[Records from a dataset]
....................

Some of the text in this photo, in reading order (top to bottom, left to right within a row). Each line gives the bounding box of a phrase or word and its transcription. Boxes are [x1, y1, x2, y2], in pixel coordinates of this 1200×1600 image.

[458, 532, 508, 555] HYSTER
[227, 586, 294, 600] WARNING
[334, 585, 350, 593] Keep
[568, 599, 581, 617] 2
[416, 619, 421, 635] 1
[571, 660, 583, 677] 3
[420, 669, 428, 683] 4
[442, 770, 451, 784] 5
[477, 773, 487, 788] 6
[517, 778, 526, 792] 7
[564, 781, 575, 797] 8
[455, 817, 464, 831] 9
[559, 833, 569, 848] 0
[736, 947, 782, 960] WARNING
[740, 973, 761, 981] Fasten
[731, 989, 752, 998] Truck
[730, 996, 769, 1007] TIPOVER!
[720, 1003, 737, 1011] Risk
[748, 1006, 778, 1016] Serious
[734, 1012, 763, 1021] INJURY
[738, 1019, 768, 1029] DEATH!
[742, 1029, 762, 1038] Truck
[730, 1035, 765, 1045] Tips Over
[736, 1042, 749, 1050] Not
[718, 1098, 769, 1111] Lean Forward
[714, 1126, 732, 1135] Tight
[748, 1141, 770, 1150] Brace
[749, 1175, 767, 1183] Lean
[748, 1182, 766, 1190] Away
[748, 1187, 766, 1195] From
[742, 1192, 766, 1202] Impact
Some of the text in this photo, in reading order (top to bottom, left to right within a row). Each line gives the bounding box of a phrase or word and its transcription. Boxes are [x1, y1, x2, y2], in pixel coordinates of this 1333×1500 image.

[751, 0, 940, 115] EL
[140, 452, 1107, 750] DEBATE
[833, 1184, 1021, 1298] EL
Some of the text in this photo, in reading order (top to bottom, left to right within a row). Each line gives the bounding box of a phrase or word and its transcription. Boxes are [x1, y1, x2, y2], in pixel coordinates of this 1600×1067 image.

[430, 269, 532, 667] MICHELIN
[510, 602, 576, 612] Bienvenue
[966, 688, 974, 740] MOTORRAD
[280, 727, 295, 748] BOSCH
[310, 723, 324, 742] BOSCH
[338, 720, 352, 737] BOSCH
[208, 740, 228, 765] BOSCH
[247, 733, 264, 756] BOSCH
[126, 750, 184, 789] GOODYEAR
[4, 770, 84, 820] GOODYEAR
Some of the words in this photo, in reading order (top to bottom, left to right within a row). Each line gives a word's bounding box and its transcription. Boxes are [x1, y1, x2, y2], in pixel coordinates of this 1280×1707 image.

....................

▸ **Task brief**: Using the entries above, copy exactly the lines from the one containing "this 1333×1500 image." through the last, both included.

▸ **Answer to this problem**:
Some of the text in this photo, in reading order (top to bottom, left to right within a row). Each line gives the bounding box of a phrase or word and its transcription. Boxes are [x1, y1, x2, y2], in pixel coordinates of this 1333×1500 image.

[751, 0, 940, 115] EL
[140, 452, 1107, 750] DEBATE
[833, 1184, 1021, 1298] EL
Some of the text in this photo, in reading order (top to bottom, left to right within a row). Each line gives the bounding box of a phrase or word and its transcription. Boxes are [x1, y1, x2, y2], in pixel coordinates of this 1600×1067 image.

[430, 269, 532, 667] MICHELIN
[510, 602, 576, 612] Bienvenue
[966, 688, 974, 740] MOTORRAD
[280, 727, 295, 748] BOSCH
[310, 723, 324, 742] BOSCH
[338, 720, 352, 737] BOSCH
[208, 740, 228, 765] BOSCH
[247, 733, 264, 756] BOSCH
[126, 750, 184, 789] GOODYEAR
[4, 770, 84, 820] GOODYEAR
Some of the words in this photo, in reading order (top to bottom, left to right within a row). Each line gives a word's bounding box and its transcription. Boxes are [x1, y1, x2, y2], in pixel coordinates of this 1280×1707 image.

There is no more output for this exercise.